From manure into clean water: Deming dairy tests new filtration tech

By Emily Hamann

A Whatcom County dairy is testing out a new technology that has the potential to make farms cleaner, greener and more efficient.

Coldstream Farms, a 3,500-cow dairy in Deming, will be the first dairy farm in the state to install filtration technology that turns cow manure into clean water. The system was turned on this month.

The system was developed by Regenis, a subsidiary of Ferndale-based Andgar Corporation. This pilot project is being funded in part by a $930,305 grant from the Washington State Conservation Commission. This technology, while widely used in Europe, has yet to catch on in American dairy farms, Eric Powell, business development director for Regenis, said.
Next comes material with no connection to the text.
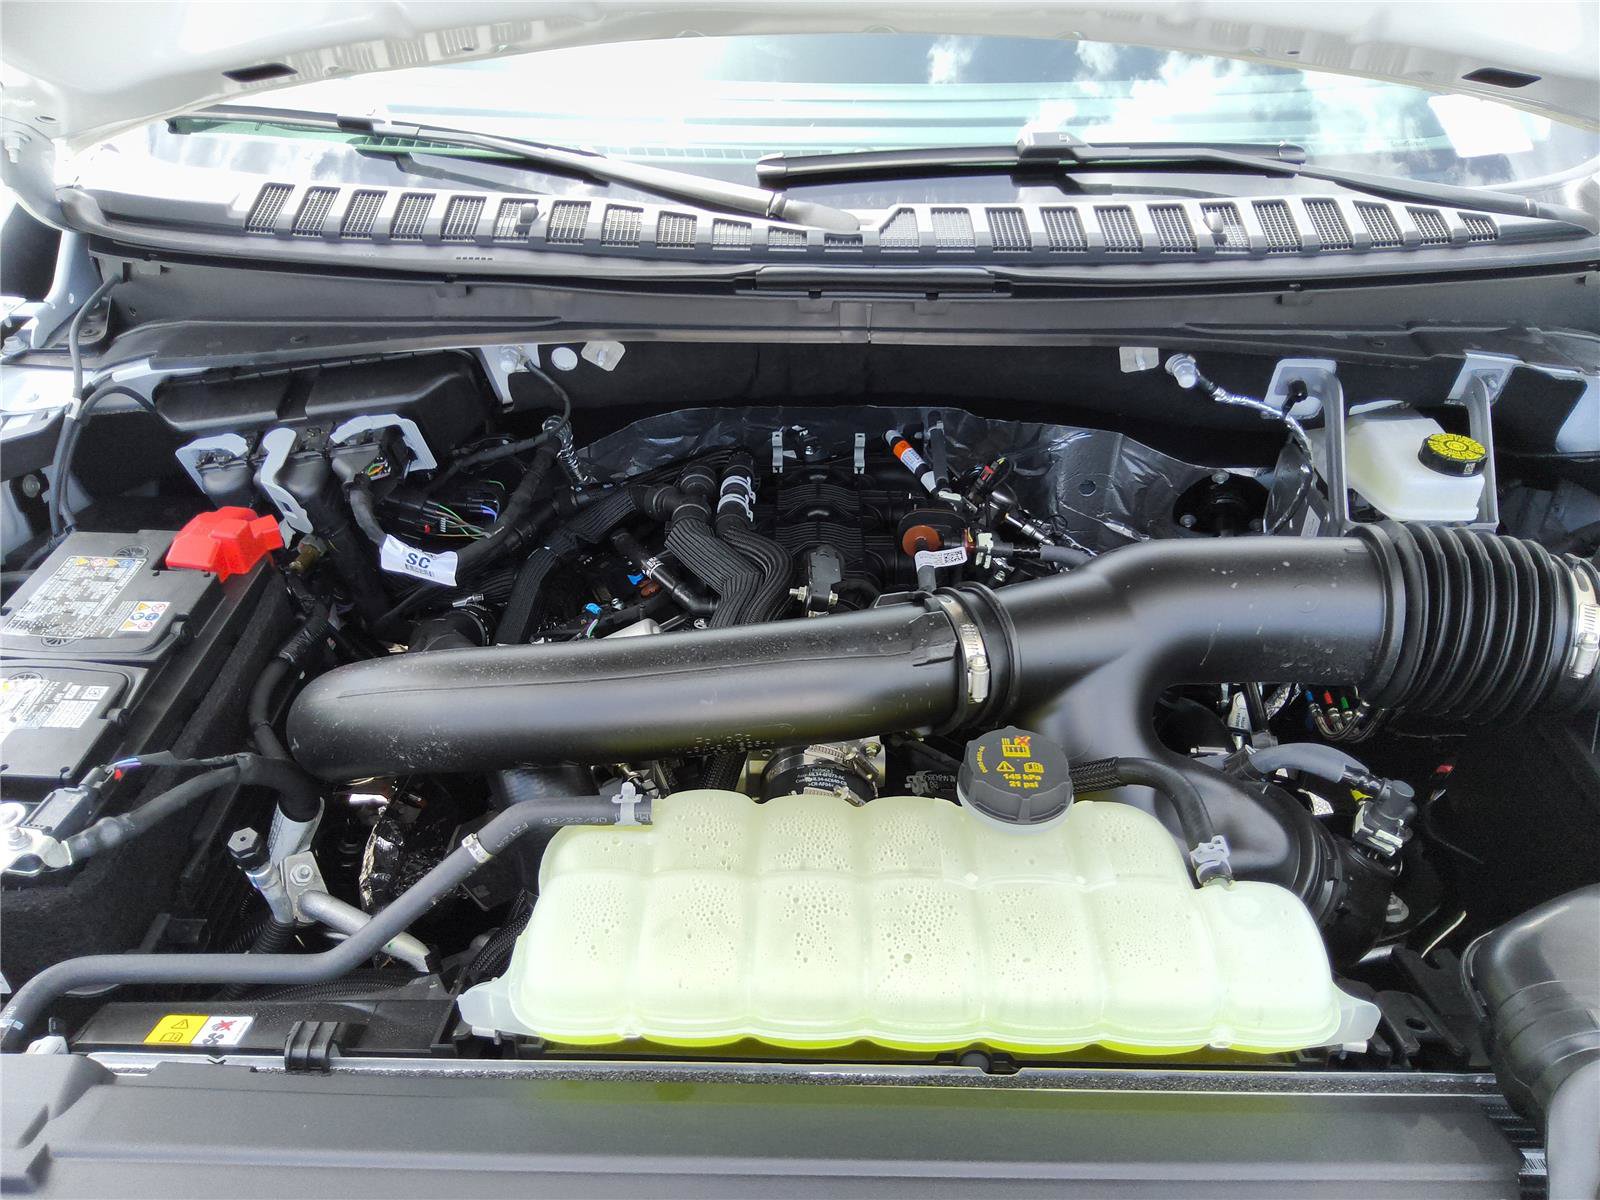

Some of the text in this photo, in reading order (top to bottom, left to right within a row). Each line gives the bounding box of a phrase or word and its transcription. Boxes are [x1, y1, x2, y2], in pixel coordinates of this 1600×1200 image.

Regenis builds sustainable agriculture technology — specializing in anaerobic digester systems, but also works to build waste treatment and water conservation systems for farms.

“We have been working with various stages of water treatment for a while,” Powell said. If this pilot program proves successful, Regenis hopes to sell the system to dairy farms around the country.

At most dairy farms, manure from the cow barn goes through a primary separation to remove the large solids. Sometimes those large solids are composted and used for bedding for the cows. The liquid is stored, usually in a lagoon or other holding tank. During the dry season, farmers can apply that liquid to their fields, which fertilizes the grass that’s then fed to the cows.

With this new system, the manure will go through additional steps of filtration, first removing all fine solids, then even finer stages of filtering. The end result is clean water, and a concentrate of all the nutrients that were in the original manure.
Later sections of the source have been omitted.